Re-read the above, and ask yourself why you think you might be the problem? At a guess, it’s because your self-esteem has been eroded to such an extent by his behaviour towards you that you’re doubting the evidence of your day-to -day experience with him. Maybe he is finding it difficult to adjust to not travelling and, more or less, being a free agent, but he shouldn’t be taking it out on you and your dd. Would he accept counselling? Have you ever discussed your relationship with him, and where you both see things going? Something’s got to change, whether it’s both of you trying harder to make it work (he needs to step up and do some heavy lifting with this) or you calling it a day. It’s a damaging environment to live in and although you will be doing your best to protect your dd, she definitely will be aware that there is a lot of unhappiness between her parents. (I speak as an only child whose parents were desperately unhappy together. It had me feeling like I had to make things right all the time - not a healthy family dynamic).

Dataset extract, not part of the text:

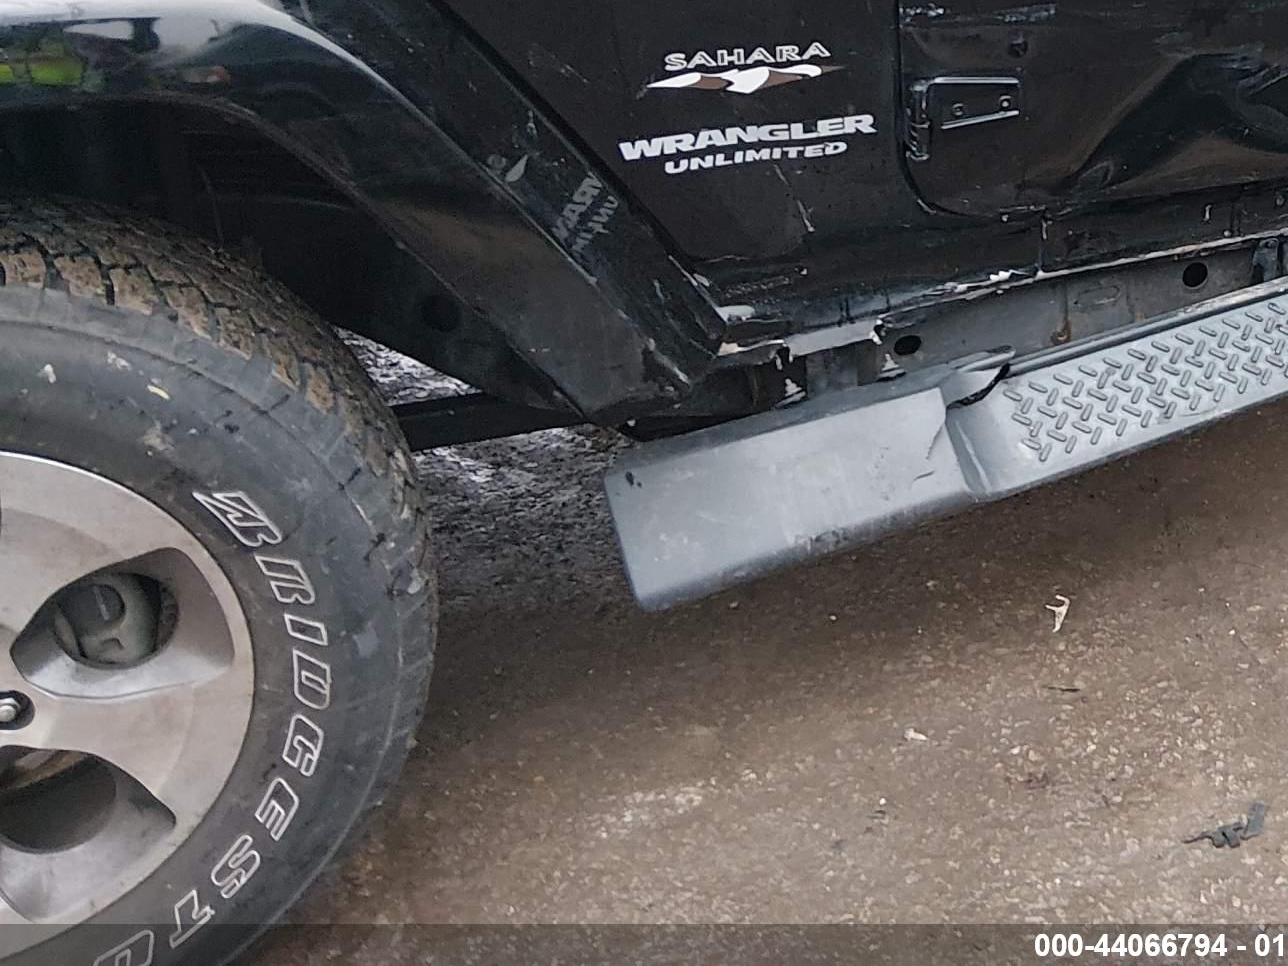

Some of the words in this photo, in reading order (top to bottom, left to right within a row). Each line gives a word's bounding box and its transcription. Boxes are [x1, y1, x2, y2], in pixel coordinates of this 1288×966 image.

[664, 42, 832, 72] SAHARA
[619, 114, 878, 161] WRANGLER
[664, 141, 848, 175] UNLIMITED

Bluecarnations · 17/06/2024 09:26

Thank you for everyone's responses, I do understand the concern for our child & absolutely agree it's not an ideal situation for any of us. We did separate briefly after my parents died but I think I was not in the right headspace to deal with anything properly. I don't know if I'd say it was abusive, it's his way or no way for most things but that's how he is as a person, even with his family etc and they have all allowed the behaviour. He did suggest recently going on a trip but I just don't want to and this is why I wonder if I'm the problem. I grew up in a home with extreme violence & domestic abuse so it's hard for me to identify if this is 'good enough' . I will take everyone's comments on board and try to navigate forward. My child is my absolute priority in life & I am a very good mum. I have done most of the work of raising a child single handedly for 12 years & continue to do almost everything alone now so to think I could be causing her harm is devastating.

OP posts:
ClawdeenWolf · 17/06/2024 09:29

Abuse isn't just him putting his hands on you, OP. It's controlling your behaviour with his bad moods, making you feel small and uncomfortable in your own home, increasing your levels of anxiety. And your child is picking up on this, I guarantee it. They're noticing the way you change in reaction to his behaviour.

relishrelish · 17/06/2024 10:18

This reply has been deleted

This has been deleted by MNHQ for breaking our Talk Guidelines.